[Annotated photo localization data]
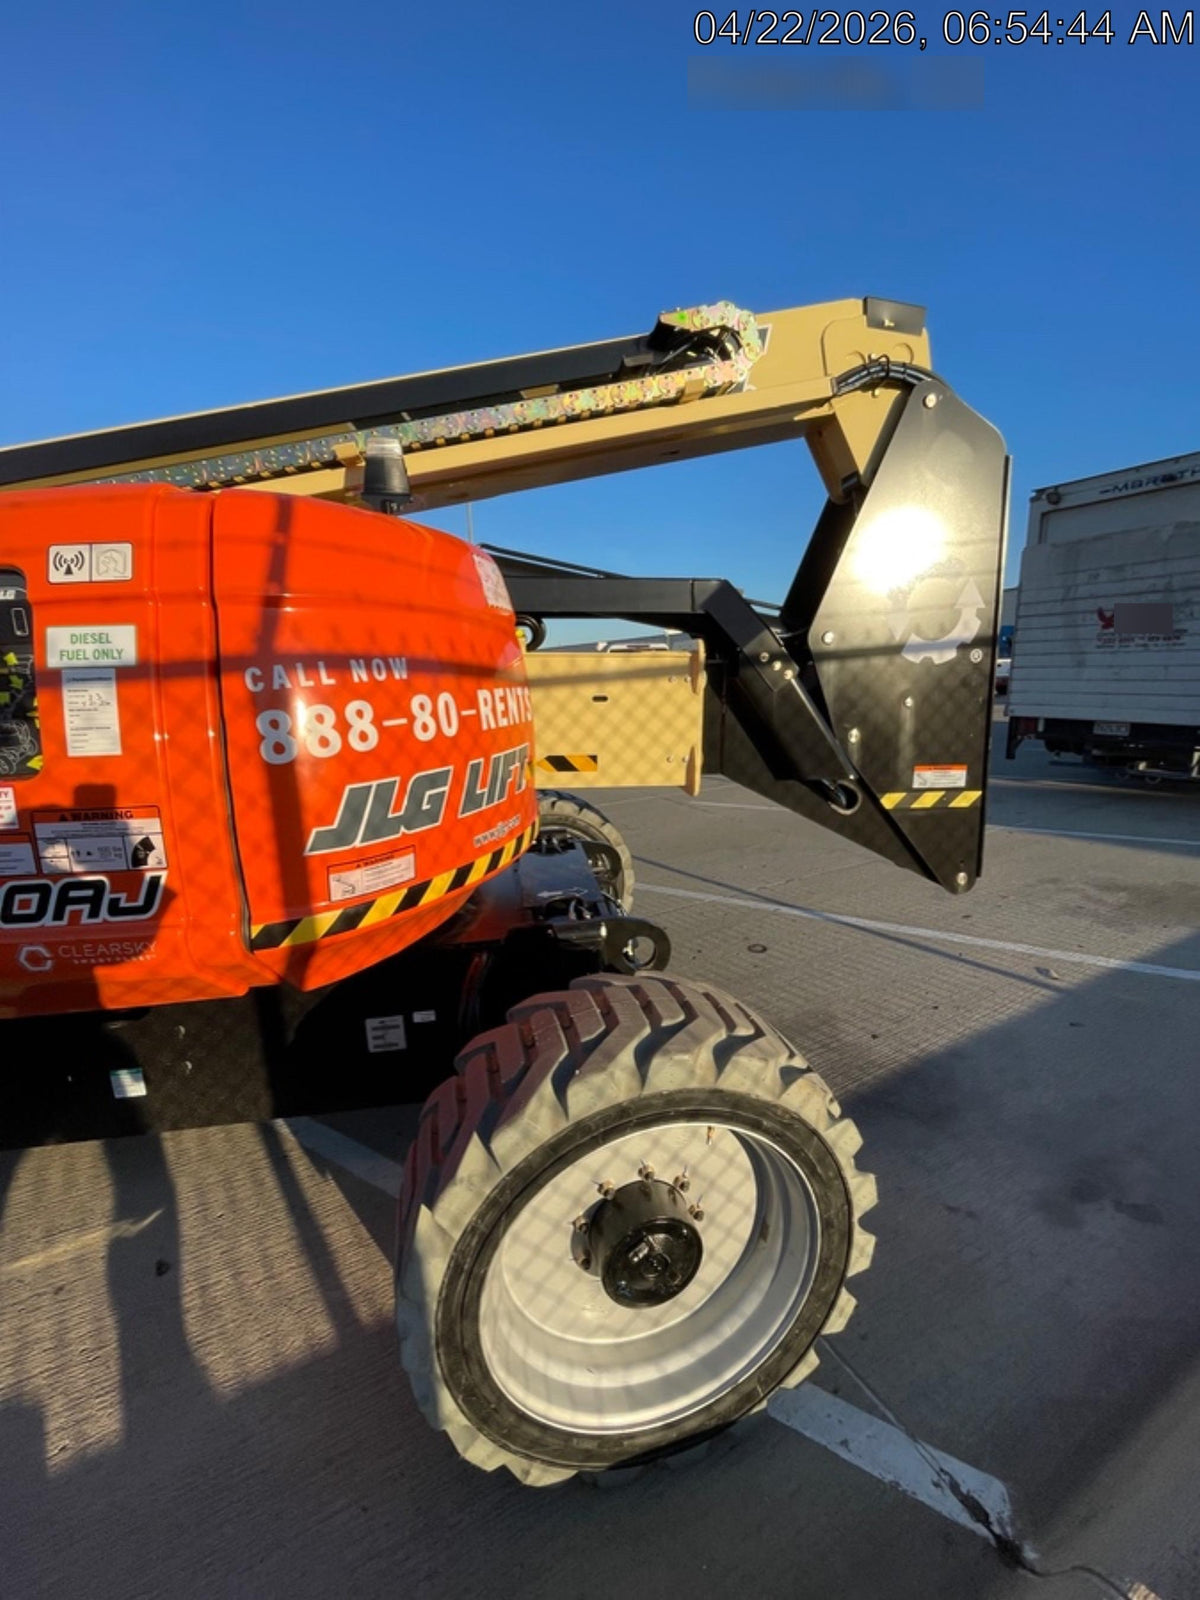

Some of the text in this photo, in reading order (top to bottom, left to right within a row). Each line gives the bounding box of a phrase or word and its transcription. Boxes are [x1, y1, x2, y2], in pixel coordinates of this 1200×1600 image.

[70, 632, 112, 645] DIESEL
[59, 648, 124, 661] FUEL ONLY
[244, 657, 409, 692] CALL NOW
[303, 742, 530, 856] JLG LIFT
[70, 810, 134, 822] WARNING
[58, 941, 158, 958] CLEARSKY

The task. Set down all of the entries precisely and keep the pictures out of the copy.

Response below.
Some of the text in this photo, in reading order (top to bottom, left to right within a row). Each line gives the bounding box of a phrase or word and its transcription. Boxes are [x1, y1, x2, y2], in pixel coordinates of this 1200×1600 image.

[70, 632, 112, 645] DIESEL
[59, 648, 124, 661] FUEL ONLY
[244, 657, 409, 692] CALL NOW
[303, 742, 530, 856] JLG LIFT
[70, 810, 134, 822] WARNING
[58, 941, 158, 958] CLEARSKY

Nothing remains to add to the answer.